A operação local também vai avançar em prestação de serviços. Está em teste a entrega direta de produtos na casa dos consumidores, que demanda uma logística mais complexa, por meio de parceiro. Também em experimento, parceria firmada com a startup de lavanderia Washout conecta pessoas que lavam roupa com as que precisam desse serviço por um app. Há descontos em produtos. Também foi criada uma plataforma para realização de chás de bebê virtuais. Esse tipo de iniciativa gera valor agregado à marca. “Podemos ser mais para o consumidor do que só uma pasta de dente, um absorvente, um amaciante, um desodorante. É uma fronteira importante do produto para uma experiência e um serviço. Estamos nessa jornada”, disse Juliana, que em sua trajetória na P&G já morou na Venezuela, no Panamá e nos Estados Unidos, e voltou a viver no bairro onde nasceu, no Jardim Europa, em São Paulo. Nas voltas que o mundo dá, a P&G, que preza pelos cuidados pessoais, tem sido bem cuidada pela estagiária que se transformou em CEO.

ENTREVISTA: “O consumidor está mais consciente, preocupado com sustentabilidade”

Claudio Gatti

Quem é Juliana?
Uma brasileira com muito orgulho, apaixonada e determinada. Muito humilde, feliz, com um time maravilhoso, com um projeto lindo. Mãe, casada, filha única, que teve referências femininas maravilhosas na família. Engenheira e advogada. Estudante constante.

O que a pandemia deixa de aprendizado para a empresa e para você?
Saímos mais fortalecidos. Somos empresa de bens essenciais. Nós crescemos em todos os trimestres no Brasil e no mundo. Algumas de nossas escolhas estratégicas anteriores se provaram valiosas. Talvez a mais importante, de que queríamos ser uma força para o crescimento e para o bem. Já tínhamos ecossistema e cultura para atuar nos pilares de cidadania e quando vem a pandemia isso se fortalece. Permitiu atuarmos de forma mais impactante, seja dento da empresa, junto a fornecedores, clientes e colaboradores. Como líder, dois sentimentos fortes: gratidão, pois tenho muita consciência da posição privilegiada que pude passar toda essa turbulência, e responsabilidade.

Essa crise sanitária, de certa forma, humanizou mais os CEOs?
Sim. A liderança é uma posição mais solitária e acabamos nos encontrando como líderes. Não falamos mais de resultados, inovações, participação em conselhos. Conversamos para falar dos desafios de hoje e para se solidarizar.

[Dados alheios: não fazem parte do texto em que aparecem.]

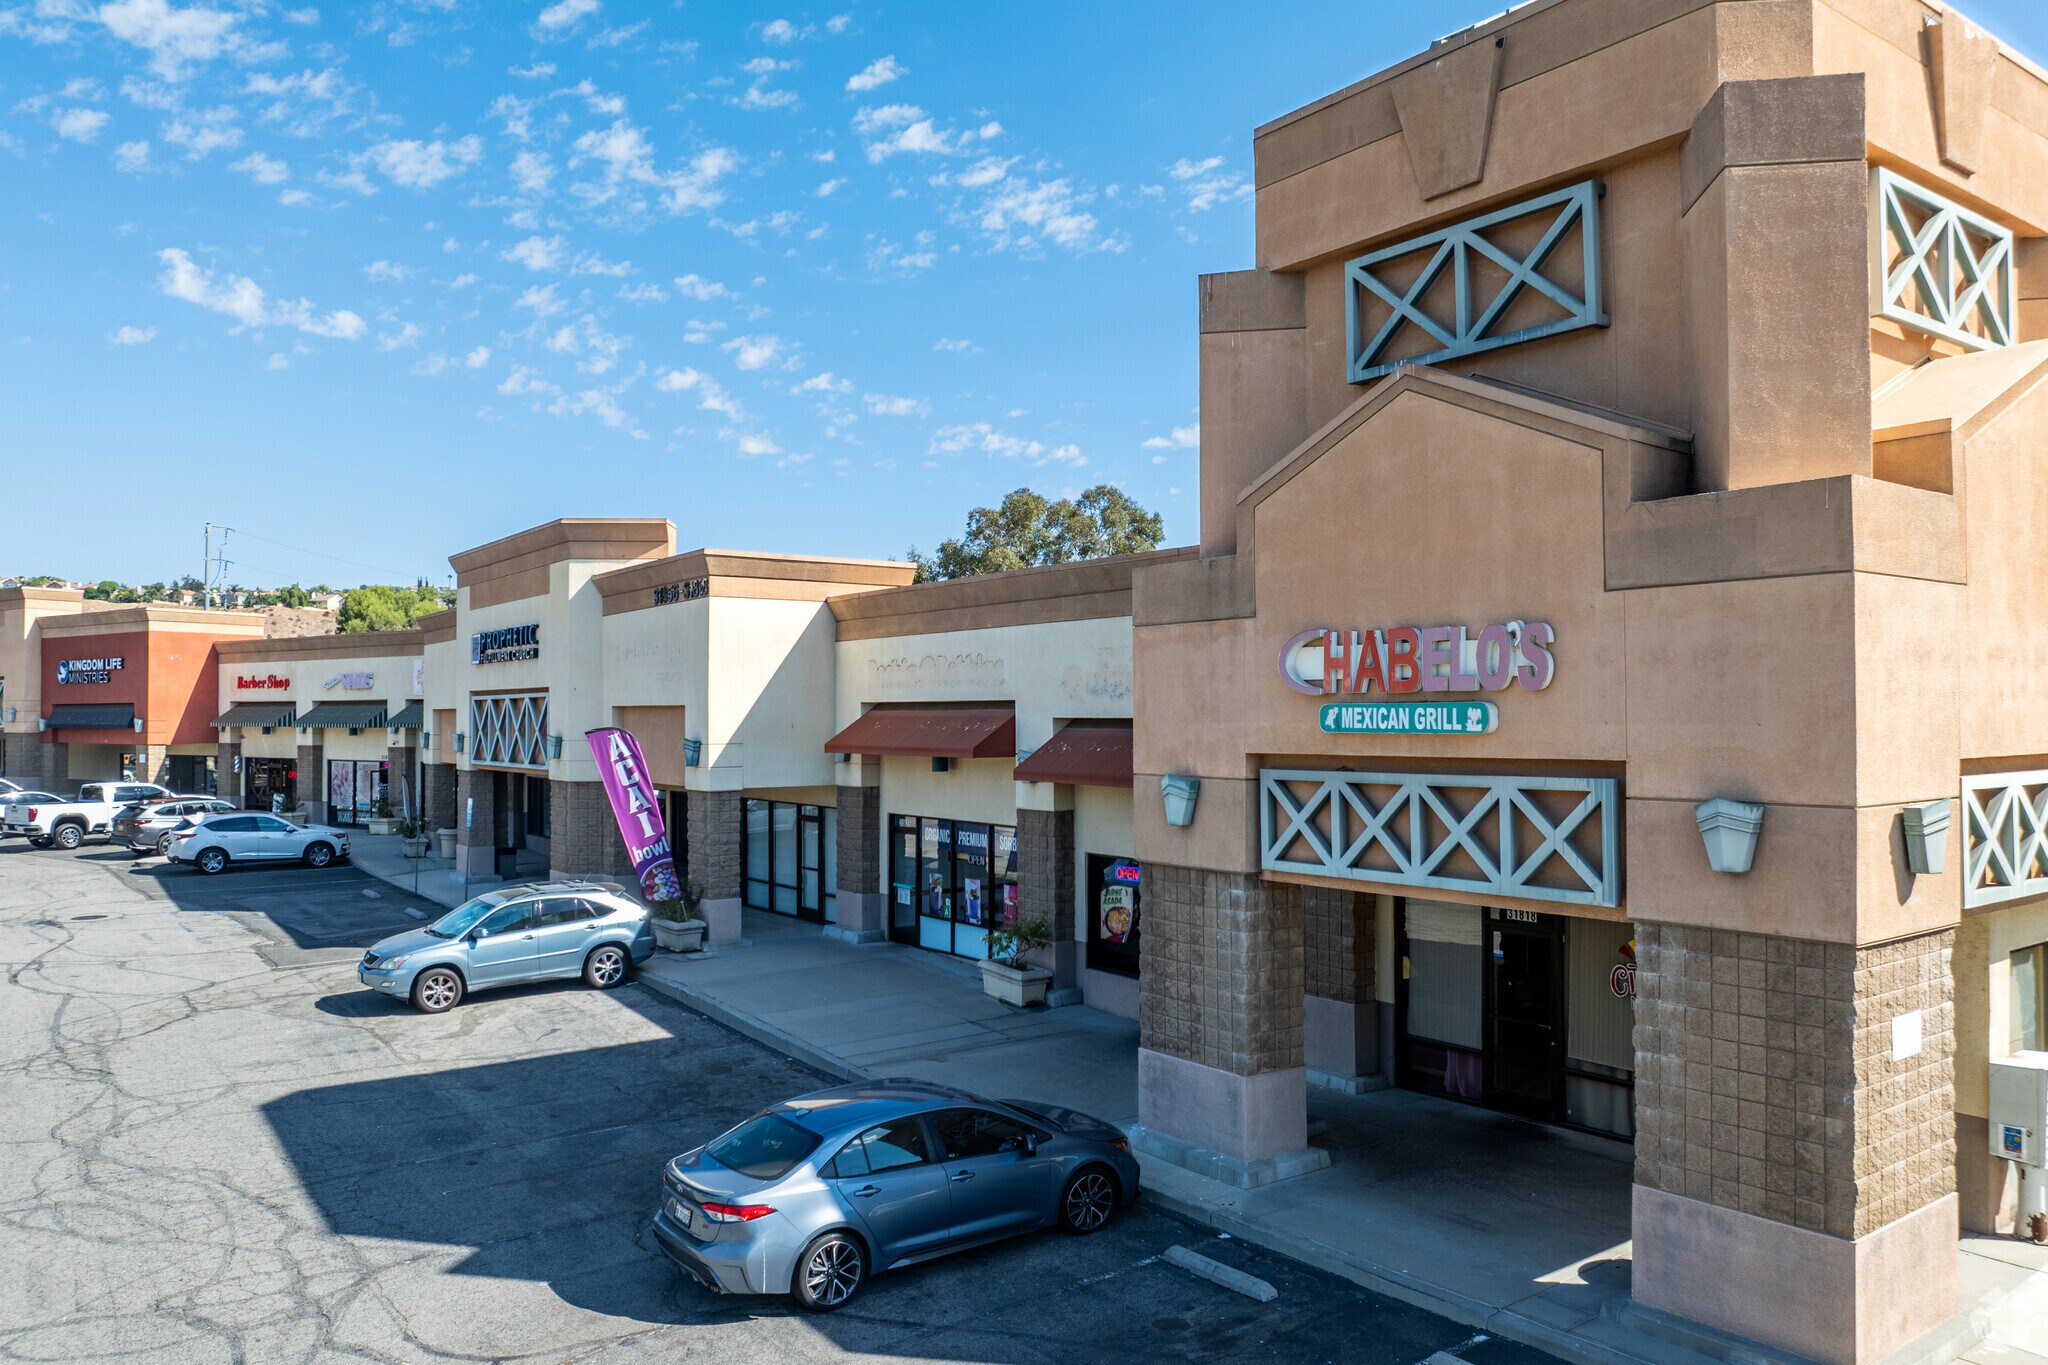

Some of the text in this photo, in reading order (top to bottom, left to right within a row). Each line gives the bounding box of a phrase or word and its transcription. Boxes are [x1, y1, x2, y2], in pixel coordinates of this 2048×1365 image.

[480, 624, 538, 651] PROPHETIC
[511, 648, 535, 661] CHURCH
[1278, 620, 1555, 696] CHABELO'S
[69, 657, 122, 671] KINGDOM LIFE
[69, 671, 108, 684] MINISTRIES
[237, 674, 290, 691] Barber Shop
[1341, 707, 1463, 731] MEXICAN GRILL
[924, 827, 951, 844] ORGANIC
[958, 831, 987, 848] PREMIUM
[632, 835, 671, 863] bowl
[967, 854, 985, 866] OPEN
[1116, 867, 1139, 881] OPEN
[1507, 908, 1536, 921] 31818

Criamos uma rede para troca de informações e para busca de soluções. A sociedade civil no Brasil se organizou de uma forma inspiradora na pandemia, seja para doar – nós doamos R$ 60 milhões em produtos –, seja para implantar programas como Unidos pela Vacina. Tudo isso mostrou que a economia pode ser mais colaborativa.

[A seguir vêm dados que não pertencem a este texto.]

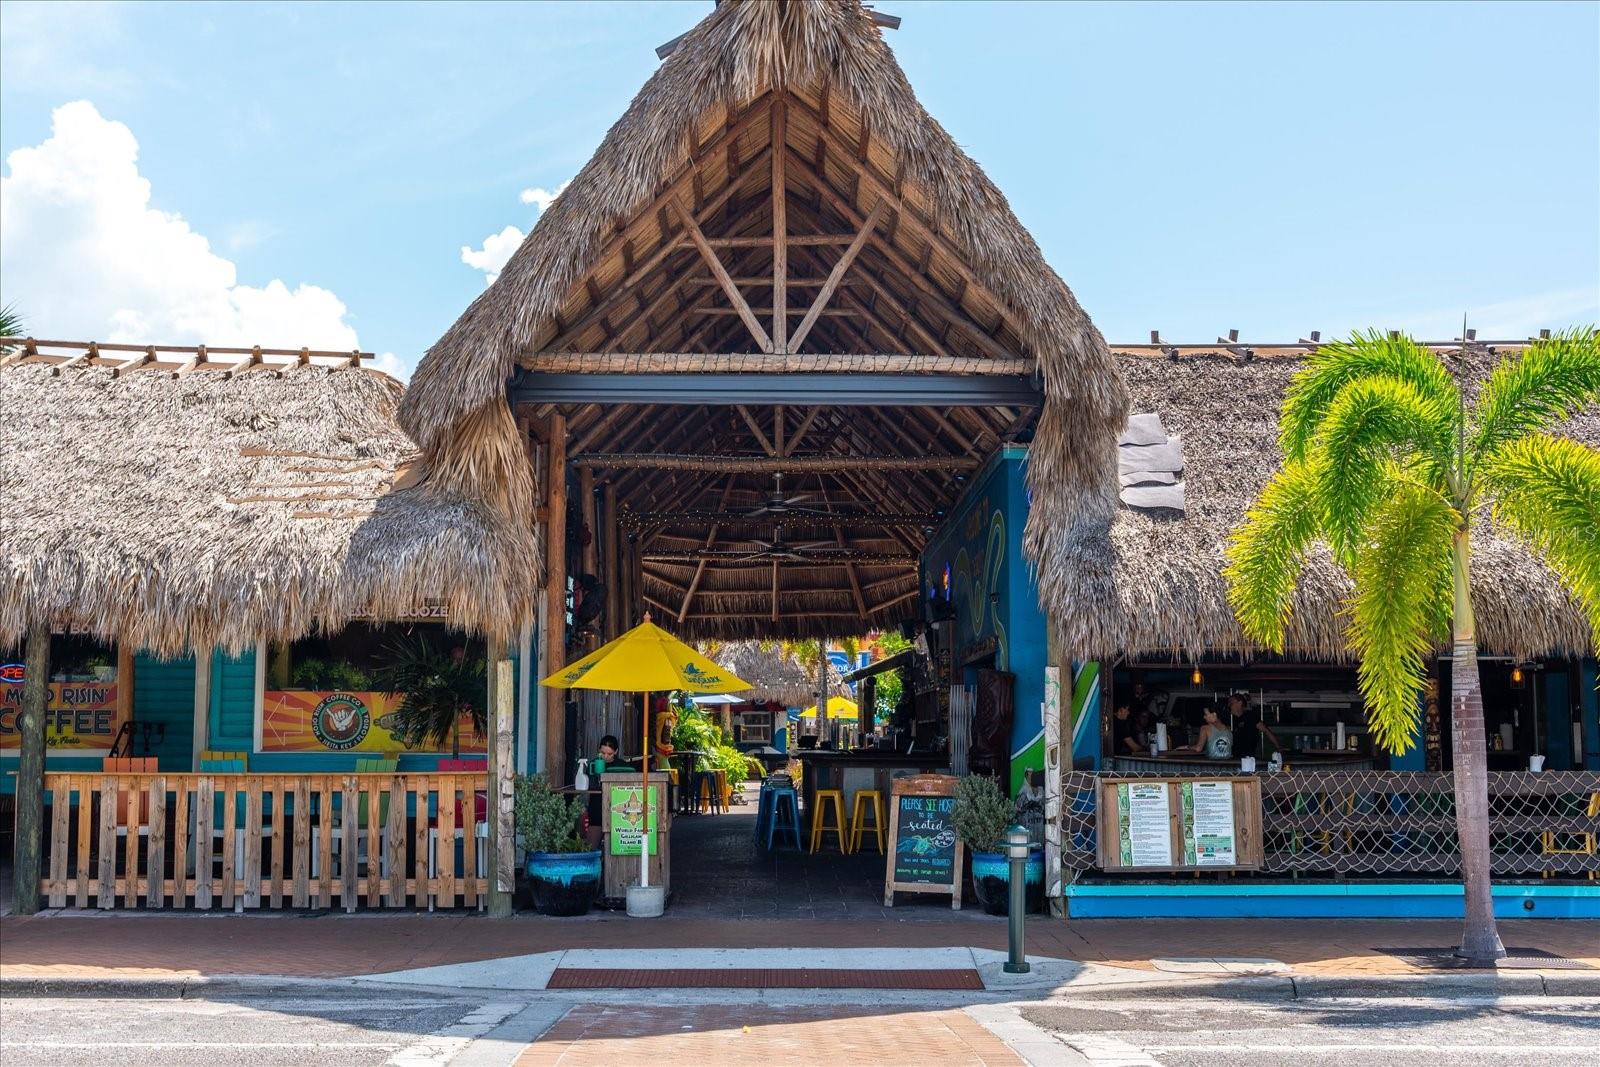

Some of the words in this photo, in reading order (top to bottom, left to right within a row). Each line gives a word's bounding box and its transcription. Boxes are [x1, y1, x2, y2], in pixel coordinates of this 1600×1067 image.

[0, 668, 23, 678] OPE
[5, 688, 55, 705] MO
[62, 688, 109, 705] RISIN'
[326, 694, 350, 703] COFFEE
[0, 707, 112, 734] CFEE
[901, 797, 923, 811] PLEASE
[925, 798, 938, 812] SEE
[908, 819, 943, 831] seated

Apesar disso, não faltou uma liderança no setor público para nortear as ações?
Tivemos muita carência de, no mínimo, informação. Temos pessoas presentes em cerca de 90 municípios do Brasil. Não tínhamos facilidade de acesso à informação, de como estava a contaminação, os níveis de ocupação de UTIs em cada cidade. Nós criamos uma plataforma própria de acesso à informação. Não havia nenhum local onde essas informações estavam disponíveis para uma gestão ativa. As empresas se tornaram grandes centros de informação.

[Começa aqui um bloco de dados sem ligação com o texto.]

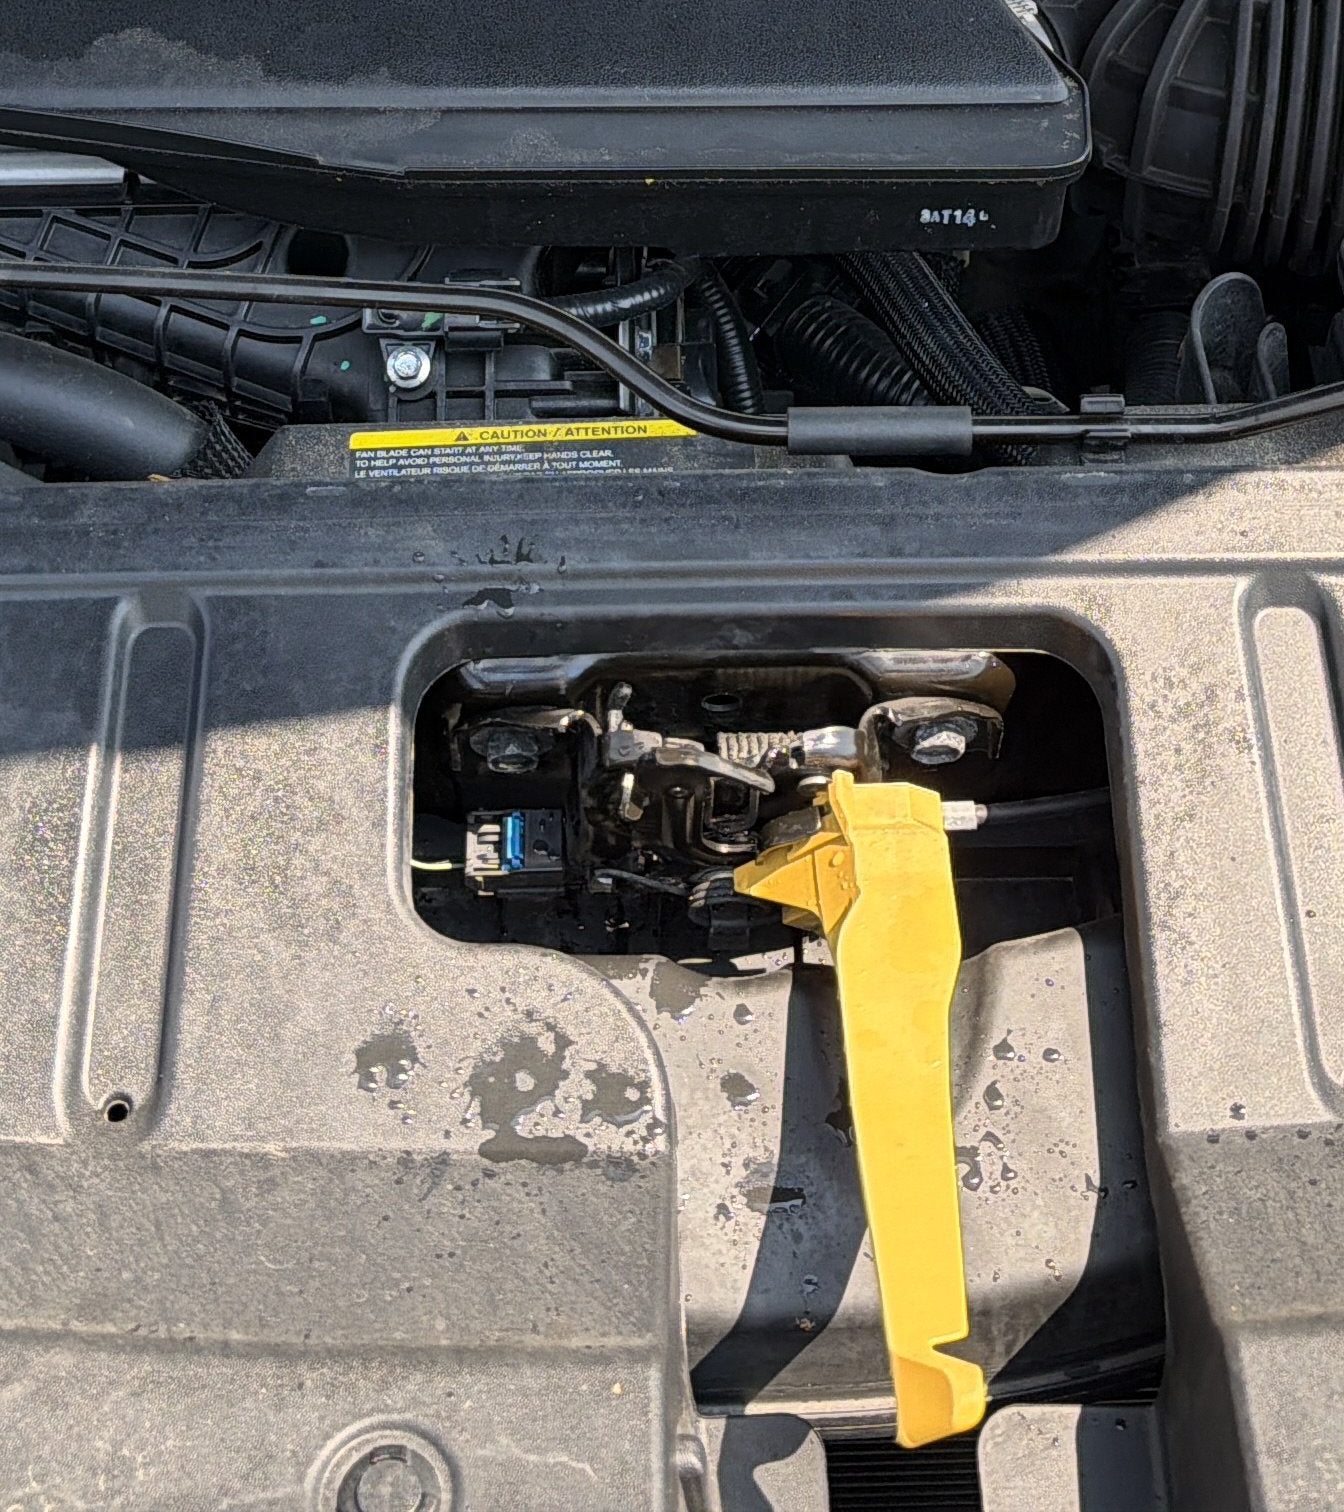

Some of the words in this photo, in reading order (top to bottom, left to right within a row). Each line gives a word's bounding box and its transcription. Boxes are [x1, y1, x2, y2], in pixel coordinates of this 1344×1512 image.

[479, 428, 547, 441] CAUTION
[565, 425, 648, 437] ATTENTION
[355, 450, 375, 458] FAN
[377, 449, 408, 458] BLADE
[410, 448, 432, 456] CAN
[433, 447, 463, 455] START
[479, 445, 499, 453] ANY
[355, 459, 369, 468] TO
[370, 458, 396, 467] HELP
[397, 457, 428, 466] AVOID
[429, 455, 481, 464] PERSONAL
[543, 451, 578, 459] HANDS
[354, 470, 367, 478] LE
[368, 466, 431, 477] VENTILATEUR
[433, 465, 470, 475] RISQUE
[552, 461, 577, 469] TOUT

Estamos partindo para um novo normal ou para um antigo anormal?
Novo normal vai seguir anormal. Pelo menos no Brasil. Todos os países têm suas anormalidades. Sou uma brasileira apaixonada, mas não iludida. Os próximos 18 meses serão muito desafiadores. Toda volatilidade da política e da economia cria uma imprevisibilidade. Para nós, essa é a palavra mais difícil de encarar. Temos de fazer uma gestão eficiente com variáveis desconhecidas.

O consumidor tem mudado seu comportamento?
No nosso mercado, o consumidor brasileiro sempre foi muito exigente. Limpeza sempre foi importante. E existe a preocupação de que a marca e os produtos dela vão além de sua promessa funcional. O consumidor está mais consciente, preocupado com sustentabilidade, diversidade, questões de raça e gênero.